Matthew Weier O'Phinney [2006-07-29 15:27 UTC]Could you put up a .phps to make viewing the source easier? Thanks
Markus Wolff [2006-07-29 16:02 UTC]Hi,
nice idea, something like that is surely needed. One suggestion though: When learning stuff, the class only takes either HAM or SPAM as the classification parameter. If there was another, maybe optional parameter where you could also specify a kind of "pool", or "domain" or whatever for the current text, the user could classify several kinds of texts. Like, "this text has a 80% probability to fit in drawer A, but also a 75% probability to fit into drawer B...". Alternatively, this could also be passed as an option to the storage container, so that it knows what pool to insert the classification data into.
I hope this was at least half understandable :-)
Philippe Jausions [2006-07-29 16:42 UTC]Is there any specific reason to not use MDB2 instead of PDO?
Andreas Ahlenstorf [2006-07-29 16:43 UTC]@Markus Wolff:
Sorry, I don't get it.
Do you like to have something like multi user capability? We would be able to maintain different spam/ham counts for each user instead of having a global spam/ham database for all users.
Or do you think about user-supplied spam probabilities? This makes not much sense because that's already what's the training mechanism about.
Christian Weiske [2006-07-29 16:46 UTC]I think Markus wants to be able to define multiple containers, not only spam/ham.
Philippe Jausions [2006-07-29 16:46 UTC]Also, check if Services_SpamCheck http://pear.php.net/pepr/pepr-proposal-show.php?id=378 and you package could play nice together. Not necessarily as one package, but at least try to bring consistency to the API.
Andreas Ahlenstorf [2006-07-29 16:54 UTC]@Philippe Jausions:
We don't use MDB2 and I personally never used it too. But we're heavily using PDO (Reasons: sqlite3, prepared statement emulation etc.).
Adding a driver for MDB2, the native database extensions or even Berkeley DB wouldn't be a problem. That's what the interface is for.
Andreas Ahlenstorf [2006-07-29 19:44 UTC]Regarding the multiple containers (not only spam/ham):
I thought some time about it, but I couldn't find a real use case for it. Any suggestions?
Markus Wolff [2006-07-29 19:47 UTC]Andreas said:
> Sorry, I don't get it.
> Do you like to have something like multi user capability?
...and Christian responded:
> I think Markus wants to be able to define multiple containers,
> not only spam/ham.
Almost. I just envision multiple containers in which to put texts. Within these containers, the choices boil down to spam and ham, for this particular container.

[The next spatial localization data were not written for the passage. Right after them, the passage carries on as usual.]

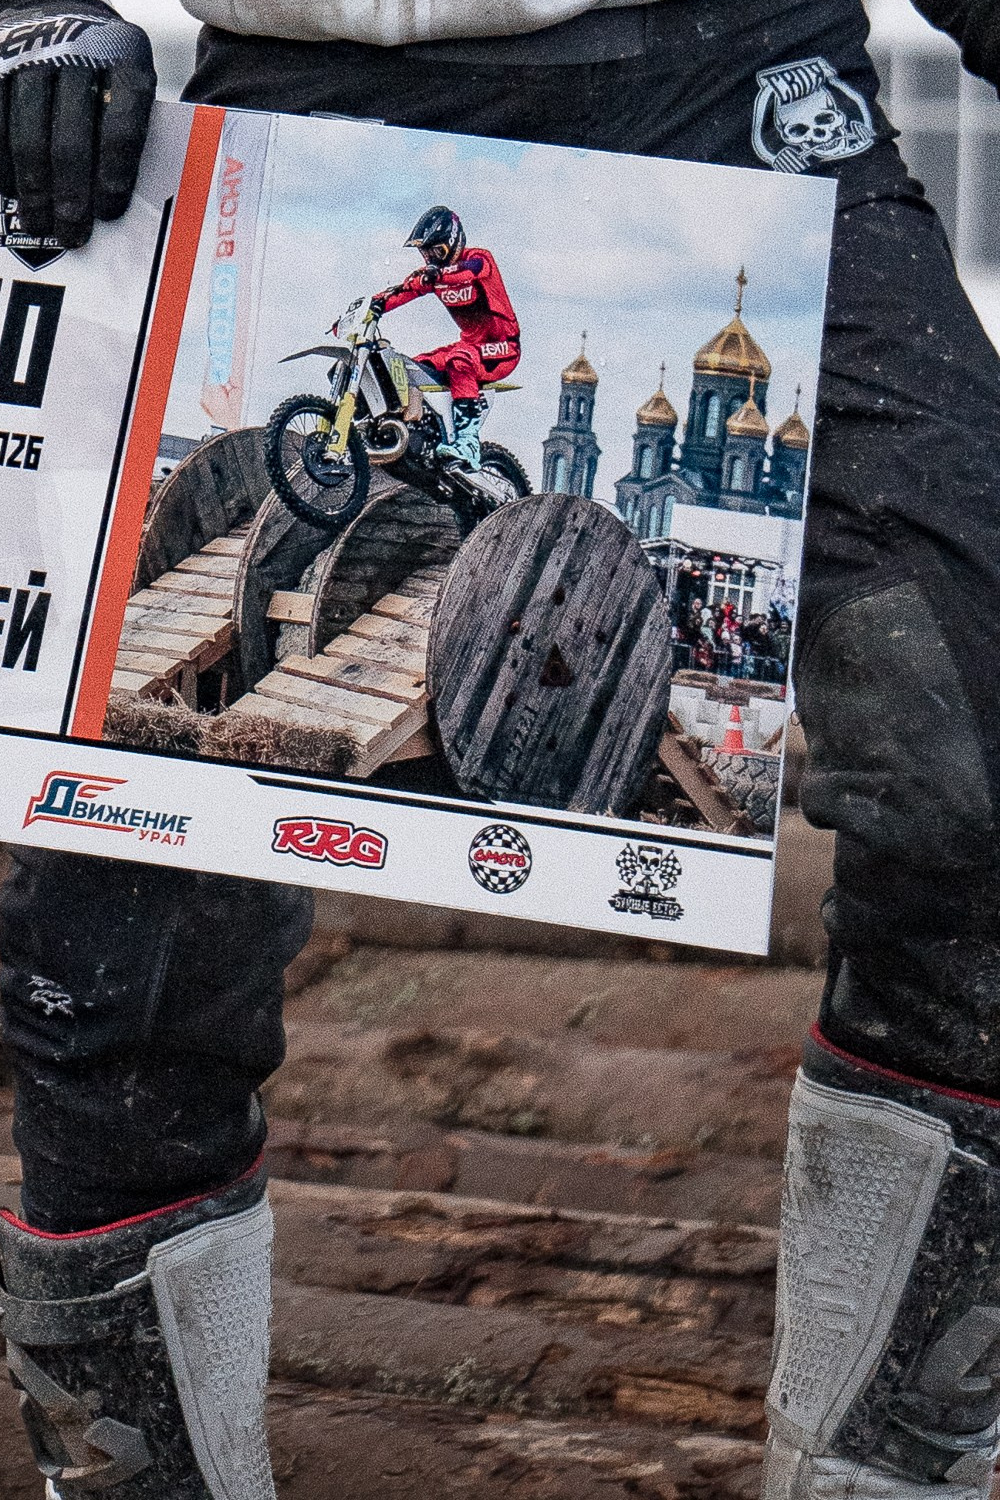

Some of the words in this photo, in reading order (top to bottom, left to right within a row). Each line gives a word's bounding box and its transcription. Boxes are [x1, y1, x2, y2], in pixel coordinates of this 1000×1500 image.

[34, 778, 193, 834] ДВИЖЕНИЕ
[138, 829, 186, 848] УРАЛ
[275, 818, 386, 867] RRG
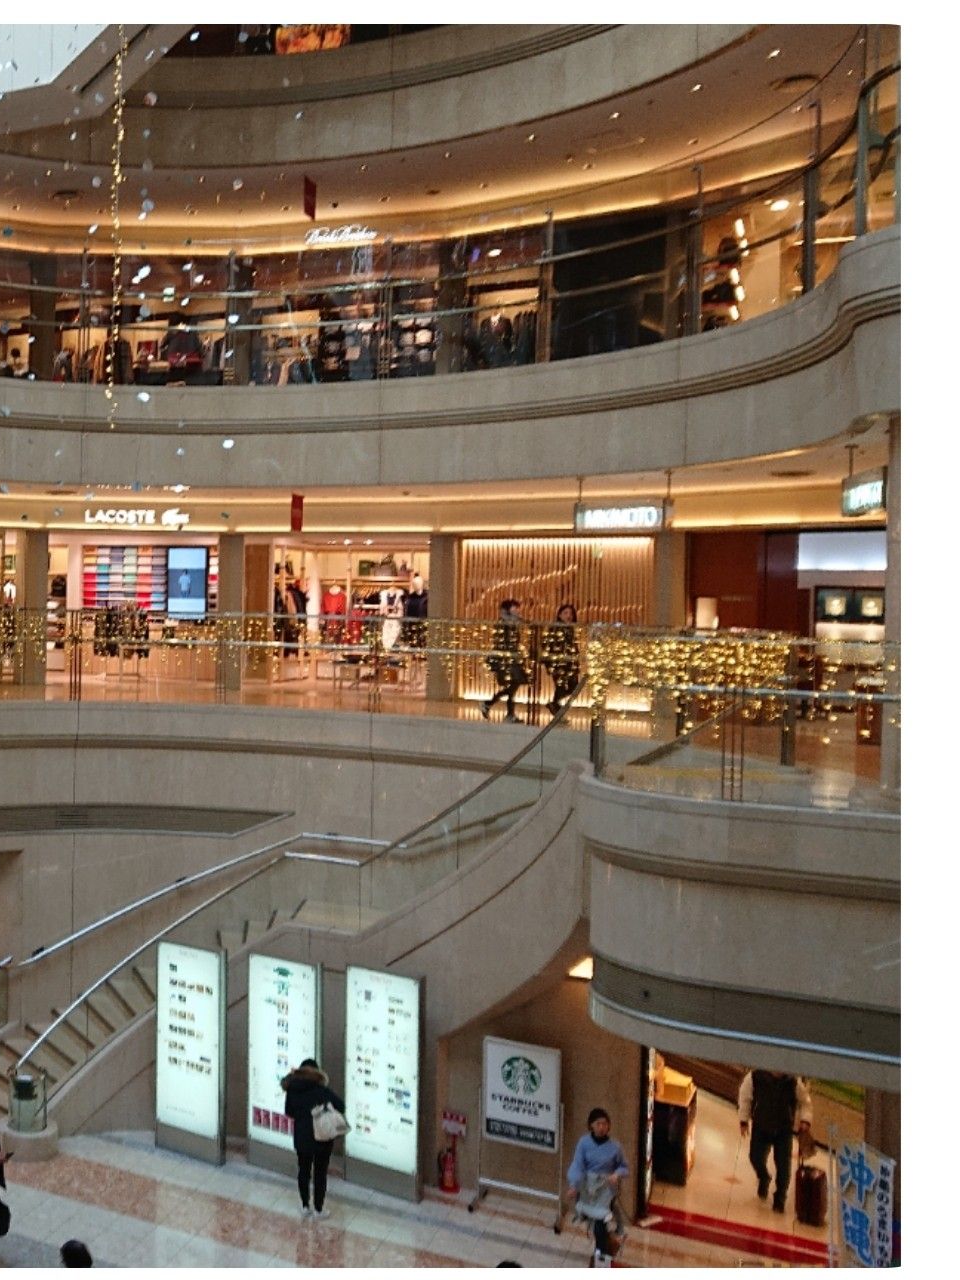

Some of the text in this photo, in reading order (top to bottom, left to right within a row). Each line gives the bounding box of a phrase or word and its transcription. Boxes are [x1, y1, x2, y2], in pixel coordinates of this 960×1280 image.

[84, 509, 156, 525] LACOSTE
[491, 1093, 551, 1112] STARBUCKS
[502, 1103, 539, 1117] COFFEE

So the user does not just say "this is ham" or "this is spam", but he says: "this is ham for the container 'Advertisements'", "this is ham for the container 'Personal Email'", or "this is spam for the container 'Open Source Projects'"... so you could basically build a filter for incoming emails (for example) that is solely based on classification.
It would eliminate the need to filter mail into fitting folders by specifying mail headers, you'd just classify mail and then let the Bayes filter do its work. The filtering is then done by content assessment.
Justin Patrin [2006-07-29 19:48 UTC]Regarding multiple containers, I also think that this would be useful. Think of not only dealing with spam/ham but phishing/ham, etc. It would be nice to be able to set up any number of categories.
Christian Weiske [2006-07-29 19:53 UTC]Does somebody of you know Popfile (popfile.sf.net)? It allows you to define as many buckets as you like, and then train the filter to sort this message in bucket #1, another in bucket #3 and so. This way you can circumvent your email program's filtering functionality by defining buckets for the different categories of mail you get -> personal, work, oss project #1, ...
Andreas Ahlenstorf [2006-07-29 20:57 UTC]Ok, I'll add the "multi user" capability (I need this) and the thingie with the multiple containers.
Any other suggestions, (CS) objections?